NCAA tournament, First round
- Conference: Big Sky Conference
- Record: 19–8 (12–3 Big Sky)
- Head coach: Phil Johnson (2nd season);
- Assistant coach: Gene Visscher
- Home arena: Wildcat Gym

= 1969–70 Weber State Wildcats men's basketball team =

American college basketball season

The 1969–70 Weber State Wildcats men's basketball team represented Weber State College during the 1969–70 NCAA University Division basketball season. Members of the Big Sky Conference, the Wildcats were led by second-year head coach Phil Johnson and played their home games on campus at Wildcat Gym in Ogden, Utah. They were 19–7 in the regular season and 12–3 in conference play.

The conference tournament was six years away, and for the third consecutive season, Weber State won the Big Sky title and played in the 25-team NCAA tournament. In the West regional at nearby Provo, they met Jerry Tarkanian's Long Beach State 49ers in the first round and lost by 19 points.
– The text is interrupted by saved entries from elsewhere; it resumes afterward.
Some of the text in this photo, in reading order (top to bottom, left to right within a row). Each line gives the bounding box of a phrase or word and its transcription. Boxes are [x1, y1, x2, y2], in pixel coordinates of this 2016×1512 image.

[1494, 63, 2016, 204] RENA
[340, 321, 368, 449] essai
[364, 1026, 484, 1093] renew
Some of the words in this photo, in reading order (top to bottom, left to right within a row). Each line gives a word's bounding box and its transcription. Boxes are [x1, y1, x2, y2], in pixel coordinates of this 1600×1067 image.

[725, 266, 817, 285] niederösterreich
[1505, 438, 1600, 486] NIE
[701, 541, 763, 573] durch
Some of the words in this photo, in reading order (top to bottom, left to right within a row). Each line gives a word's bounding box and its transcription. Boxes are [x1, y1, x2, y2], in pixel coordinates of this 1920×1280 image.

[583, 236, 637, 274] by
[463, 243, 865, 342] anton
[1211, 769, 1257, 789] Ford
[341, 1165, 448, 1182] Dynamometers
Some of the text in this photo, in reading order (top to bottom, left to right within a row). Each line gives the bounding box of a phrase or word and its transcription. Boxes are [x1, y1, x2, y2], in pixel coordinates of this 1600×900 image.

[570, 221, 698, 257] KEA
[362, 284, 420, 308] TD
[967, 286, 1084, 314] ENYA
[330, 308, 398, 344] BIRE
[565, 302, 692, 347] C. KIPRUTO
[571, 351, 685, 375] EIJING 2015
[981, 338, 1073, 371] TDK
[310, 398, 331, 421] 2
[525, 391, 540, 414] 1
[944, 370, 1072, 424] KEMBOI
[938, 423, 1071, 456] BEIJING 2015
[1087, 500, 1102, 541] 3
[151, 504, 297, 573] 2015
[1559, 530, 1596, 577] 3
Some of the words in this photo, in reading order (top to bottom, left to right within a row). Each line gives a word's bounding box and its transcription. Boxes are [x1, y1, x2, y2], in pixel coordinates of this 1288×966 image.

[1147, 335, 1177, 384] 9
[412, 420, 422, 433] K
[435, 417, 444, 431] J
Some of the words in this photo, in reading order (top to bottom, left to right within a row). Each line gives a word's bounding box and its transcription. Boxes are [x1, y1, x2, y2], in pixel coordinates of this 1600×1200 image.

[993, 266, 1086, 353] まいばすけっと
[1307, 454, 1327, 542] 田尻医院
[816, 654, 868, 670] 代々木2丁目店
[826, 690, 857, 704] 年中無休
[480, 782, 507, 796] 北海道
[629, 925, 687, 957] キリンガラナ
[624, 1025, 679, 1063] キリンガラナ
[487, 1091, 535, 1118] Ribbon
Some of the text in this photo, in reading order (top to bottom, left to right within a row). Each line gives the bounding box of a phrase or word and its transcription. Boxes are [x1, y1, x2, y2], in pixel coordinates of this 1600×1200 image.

Junior forward Willie Sojourner was a unanimous selection to the all-conference team, joined by senior guard Sessions Harlan. Sojourner was an honorable mention AP All-American twice and was All-Big Sky for three consecutive seasons.

After the following season, Johnson became an assistant in the NBA with the Chicago Bulls under Dick Motta, whom he had played for in high school in Idaho and coached under at Weber.

==Postseason result==

| Date time, TV | Opponent | Result | Record | Site (attendance) city, state |
NCAA tournament
| Sat, March 7* 7:05 pm | vs. Long Beach State First round | L 73–92 | 19–8 | Smith Fieldhouse (10,500) Provo, Utah |
*Non-conference game. ^{#}Rankings from AP poll. (#) Tournament seedings in parentheses. All times are in Mountain time.